Bojack Horseman season three sees Bojack realizing his dreams of bringing the Secretariat story to the big screen. He’s on the award circuit, out to prove that he is more than the sitcom dad he played in the ’90s and is indeed a professional actor. The only way he will be validated is by winning an Oscar. He chases that dream thinking it will finally bring him the happiness he desperately seeks.

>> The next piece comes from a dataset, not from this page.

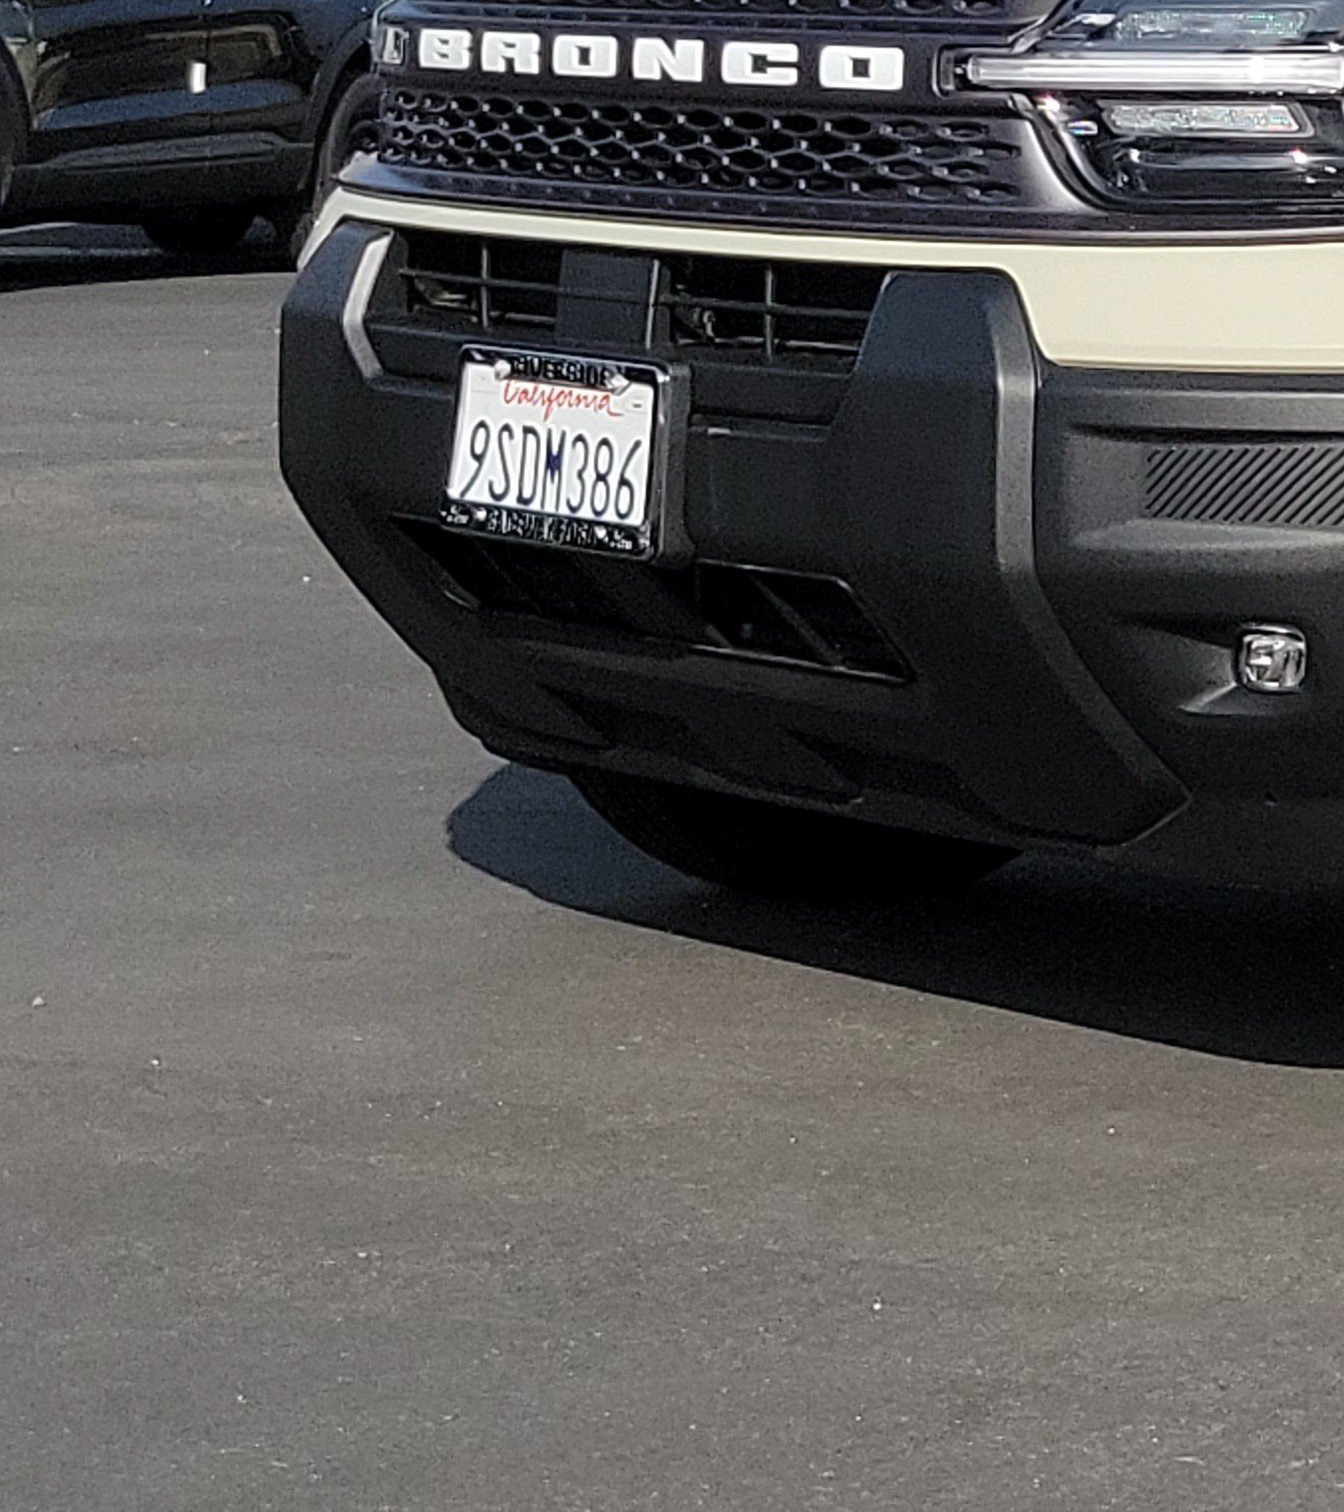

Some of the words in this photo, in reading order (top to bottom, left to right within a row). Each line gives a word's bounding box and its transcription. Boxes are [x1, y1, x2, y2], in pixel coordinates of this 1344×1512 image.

Bojack seems to have it all. Fancy house, disposable income, a job that allows him creative expression, people who care for him, but he does not see any of these elements of his life as fulfilling. Every time one of these elements starts to make him happy, he becomes fearful of potentially losing that happiness and pushes the element away. Is happiness a choice, then? Bojack has ample opportunity to seek help, to run away from his life and find what makes him happy. But he seeks out misery. He’s as depressed as ever this season, if not more, because things are actually going well for him.
Bojack’s opposite is Mr. Peanutbutter, a Labrador who is compulsively happy and excited about life. Nothing can keep Mr. Peanutbutter down. This season his marriage is on the rocks, his brother is emotionally distant during crisis, and his career is reduced to standing in for absentee Oscar nomination announcement presenters. Through it all, Mr. Peanutbutter sticks to the extreme optimism that has served him so well. At no point in the series does Mr. Peanutbutter’s outlook come across as naivety. Bad things happen, the perky pooch knows this, but he tries his hardest to keep that sunny outlook.
The season plays the two parts against each other well. Mr. Peanutbutter and Bojack both experience successes of their own and as the two emotional extremes in the series, there is a lot of attention paid to how their moods affect those around them–Diane in particular. As Bojack’s social media guru and Mr. Peantbutter’s wife, she’s in close proximity to both outlooks. While she still feels strongly connected to Bojack and his vision of the world, she knows it is a toxic disposition for her to take part in. She easily slips in and out of a ‘the world is garbage’ outlook and keeps Mr. Peanutbutter ever in her mind.
This season is full of flashbacks to 2007, the year Bojack’s crippling depression began, following a failed attempt at a return to television with The Bojack Horseman Show. The show was ill-conceived and ill-received, leading to Bojack’s fear of success and, eventually, happiness. The flashbacks help develop Bojack and his relationships beyond what has already been seen. The ambition of Princess Caroline is made even more apparent, and their real friendship makes later events all the more crushing.
Despite all this talk on the nature of happiness and how our emotional state can affect those around us, Bojack Horseman season three is hilarious. From baby snakes with rattles to a particular balloon carried by Mr. Peanutbutter in episode 6, there are enough jokes in the background alone to keep the viewer moving. The voice acting is stellar. Paul F. Thompkins voices Mr. Peanutbutter with such care and love for the character it gives the Labrador life. Aaron Paul voices Todd with amazing comic ability. Will Arnett (Bojack), Amy Sedaris (Princess Caroline) and Kristen Schaal (Sarah Lynn) are among the best voice actors in the business and they are superb in this season (and don’t worry, character actress Margo Martindale is present and amazing).
This season takes bold steps for what stories it wants to tell and how it tells them. Episode four, titled Fish out of Water is spent mostly without dialogue but tells a heart-wrenching story and shows that Bojack is not an emotional void for the first time in the entire season. This season really went to new places for animated television. In watching the actions of these humanoid animals we learn a bit about the human condition. Season three is saddening, bold and exactly what the show needed. Watch season three and contemplate life. It is what Bojack wants.
A wonderful entry to the Bojack Horseman series, season three tries new things and remains true to itself in making tough topics approachable.